These are tricky times for the United Auto Workers.
The guy in the White House says he wants what they want: more manufacturing jobs in the United States. But he’s actually not in charge of making that happen. Instead, the opposite is unspooling – from Harley Davidson cutting production to Detroit automakers shipping assembly of once-revered nameplates overseas.
Cars sales are tanking, prompting the union that is synonymous with Detroit to start fretting in the halls of its hometown automakers.
It’s not easy selling layoffs to workers when the companies are raking in billions on pickups and SUVs. But sales of traditional cars are evaporating.
Likely to change? Probably not anytime soon, if current trends and current gas prices hold reasonably true.

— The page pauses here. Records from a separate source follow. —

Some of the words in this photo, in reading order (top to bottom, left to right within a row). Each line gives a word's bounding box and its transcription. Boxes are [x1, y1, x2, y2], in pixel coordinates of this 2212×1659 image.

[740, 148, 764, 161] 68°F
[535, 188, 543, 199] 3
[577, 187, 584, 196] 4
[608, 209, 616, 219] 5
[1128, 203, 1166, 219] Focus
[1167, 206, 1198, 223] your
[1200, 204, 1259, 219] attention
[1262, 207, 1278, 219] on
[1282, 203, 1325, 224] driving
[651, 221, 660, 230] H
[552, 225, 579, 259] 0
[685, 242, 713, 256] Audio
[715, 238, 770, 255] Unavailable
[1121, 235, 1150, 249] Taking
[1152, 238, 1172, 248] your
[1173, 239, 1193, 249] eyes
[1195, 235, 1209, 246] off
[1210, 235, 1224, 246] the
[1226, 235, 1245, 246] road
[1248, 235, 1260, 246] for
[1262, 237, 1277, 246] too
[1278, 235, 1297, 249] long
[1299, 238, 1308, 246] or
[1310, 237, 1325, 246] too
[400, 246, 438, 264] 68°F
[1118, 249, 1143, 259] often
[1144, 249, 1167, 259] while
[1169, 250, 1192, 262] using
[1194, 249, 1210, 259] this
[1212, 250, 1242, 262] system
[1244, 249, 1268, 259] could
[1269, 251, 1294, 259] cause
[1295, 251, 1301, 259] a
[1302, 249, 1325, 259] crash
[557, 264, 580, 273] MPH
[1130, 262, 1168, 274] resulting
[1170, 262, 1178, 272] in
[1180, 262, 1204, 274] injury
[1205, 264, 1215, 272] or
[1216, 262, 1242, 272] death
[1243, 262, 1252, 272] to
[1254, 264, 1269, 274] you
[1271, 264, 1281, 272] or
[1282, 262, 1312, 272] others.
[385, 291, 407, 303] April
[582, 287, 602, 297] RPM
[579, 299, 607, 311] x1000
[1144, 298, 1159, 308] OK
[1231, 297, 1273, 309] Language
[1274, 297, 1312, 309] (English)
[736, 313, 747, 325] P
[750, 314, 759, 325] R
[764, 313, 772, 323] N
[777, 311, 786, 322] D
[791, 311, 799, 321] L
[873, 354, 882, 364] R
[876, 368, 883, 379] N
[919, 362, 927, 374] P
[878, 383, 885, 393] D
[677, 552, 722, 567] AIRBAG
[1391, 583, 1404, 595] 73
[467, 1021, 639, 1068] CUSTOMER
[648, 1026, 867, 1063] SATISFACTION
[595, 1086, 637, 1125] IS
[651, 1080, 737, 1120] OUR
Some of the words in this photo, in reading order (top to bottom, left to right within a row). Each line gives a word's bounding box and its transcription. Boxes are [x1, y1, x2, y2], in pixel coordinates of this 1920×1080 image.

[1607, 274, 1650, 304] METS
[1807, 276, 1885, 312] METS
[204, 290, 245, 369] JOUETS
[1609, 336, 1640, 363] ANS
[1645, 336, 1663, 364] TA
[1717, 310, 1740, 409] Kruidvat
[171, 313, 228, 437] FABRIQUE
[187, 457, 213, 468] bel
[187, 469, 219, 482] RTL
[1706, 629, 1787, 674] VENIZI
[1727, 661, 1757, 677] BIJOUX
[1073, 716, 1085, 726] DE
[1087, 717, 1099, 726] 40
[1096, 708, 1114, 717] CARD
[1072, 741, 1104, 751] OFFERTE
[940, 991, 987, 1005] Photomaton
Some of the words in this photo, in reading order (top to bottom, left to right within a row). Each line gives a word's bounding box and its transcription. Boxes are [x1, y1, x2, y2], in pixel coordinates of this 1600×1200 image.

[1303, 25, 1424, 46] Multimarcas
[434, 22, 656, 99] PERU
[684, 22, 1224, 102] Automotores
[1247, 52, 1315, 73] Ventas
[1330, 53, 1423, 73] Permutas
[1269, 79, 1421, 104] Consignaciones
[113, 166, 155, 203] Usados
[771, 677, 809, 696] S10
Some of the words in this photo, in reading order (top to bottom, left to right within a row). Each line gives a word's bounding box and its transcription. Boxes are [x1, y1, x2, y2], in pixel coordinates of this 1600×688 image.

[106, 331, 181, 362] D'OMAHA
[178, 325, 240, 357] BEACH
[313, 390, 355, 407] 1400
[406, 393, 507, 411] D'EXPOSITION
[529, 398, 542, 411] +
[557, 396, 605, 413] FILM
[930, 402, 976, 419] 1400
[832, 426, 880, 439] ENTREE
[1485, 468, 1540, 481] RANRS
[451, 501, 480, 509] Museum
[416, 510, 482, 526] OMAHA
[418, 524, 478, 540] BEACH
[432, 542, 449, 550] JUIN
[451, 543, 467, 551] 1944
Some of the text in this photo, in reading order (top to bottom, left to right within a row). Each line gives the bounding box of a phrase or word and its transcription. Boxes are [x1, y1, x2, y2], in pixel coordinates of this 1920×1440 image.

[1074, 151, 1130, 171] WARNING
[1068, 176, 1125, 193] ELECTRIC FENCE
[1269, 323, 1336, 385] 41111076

So what’s the UAW to do? Push another organizing vote at Nissan Motor plants in the South, especially in Mississippi, that’s what.
The South is fraught territory for the union. Folks down there generally are suspicious of northern industrial unions. They remember that it was union-represented automakers whose leaders went to Congress, collective hats in hand, to ask for bailouts. It was two union-represented companies, General Motors and Chrysler, that went bankrupt under the weight of debt, evaporating revenue and obligations to labor.
Nissan? No. Honda? No. Toyota? No. In the dark days of 2009, it was Honda and Toyota who quietly strategized with Ford for ways to prop up North American suppliers should GM and Chrysler collapse uncontrollably. That’s a fearsome memory that can’t be wished away by union organizers promising better days under the UAW flag.
Now, it’s no guarantee that the UAW drive down south will fail next month. These are different times. Companies are more loyal to the bottom line than the assembly line, mostly because investors’ high expectations amid low profit margins give them little choice. And average folks sensing fewer options are more willing to push back.
UAW President Dennis Williams says the toughest thing to overcome in a big organizing drive is “fear” – fear of how the company might retaliate if the vote doesn’t go their way. Fear that going union will create the same kind of problems that have bedeviled the UAW, GM, Ford and Chrysler for too many years – but not their foreign rivals. Fear of the unknown.
That fear may be justified. In the real world of business, there are a lot of bad bosses who don’t possess the character to tell the truth, and don’t treat employees with the kind of dignity they’d offer the guy across the street.
And in the real world of labor-management relations, there are a lot of union promises that never materialize. Or, worse, they end up in ugly confrontations that benefit almost no one, starting with the folks who backed the union.
Picking the winner isn’t easy. And it’s getting harder every year.
Daniel Howes is a columnist with The Detroit News. Views expressed in his essays are his own and do not necessarily reflect those of Michigan Radio, its management or the station licensee, The University of Michigan.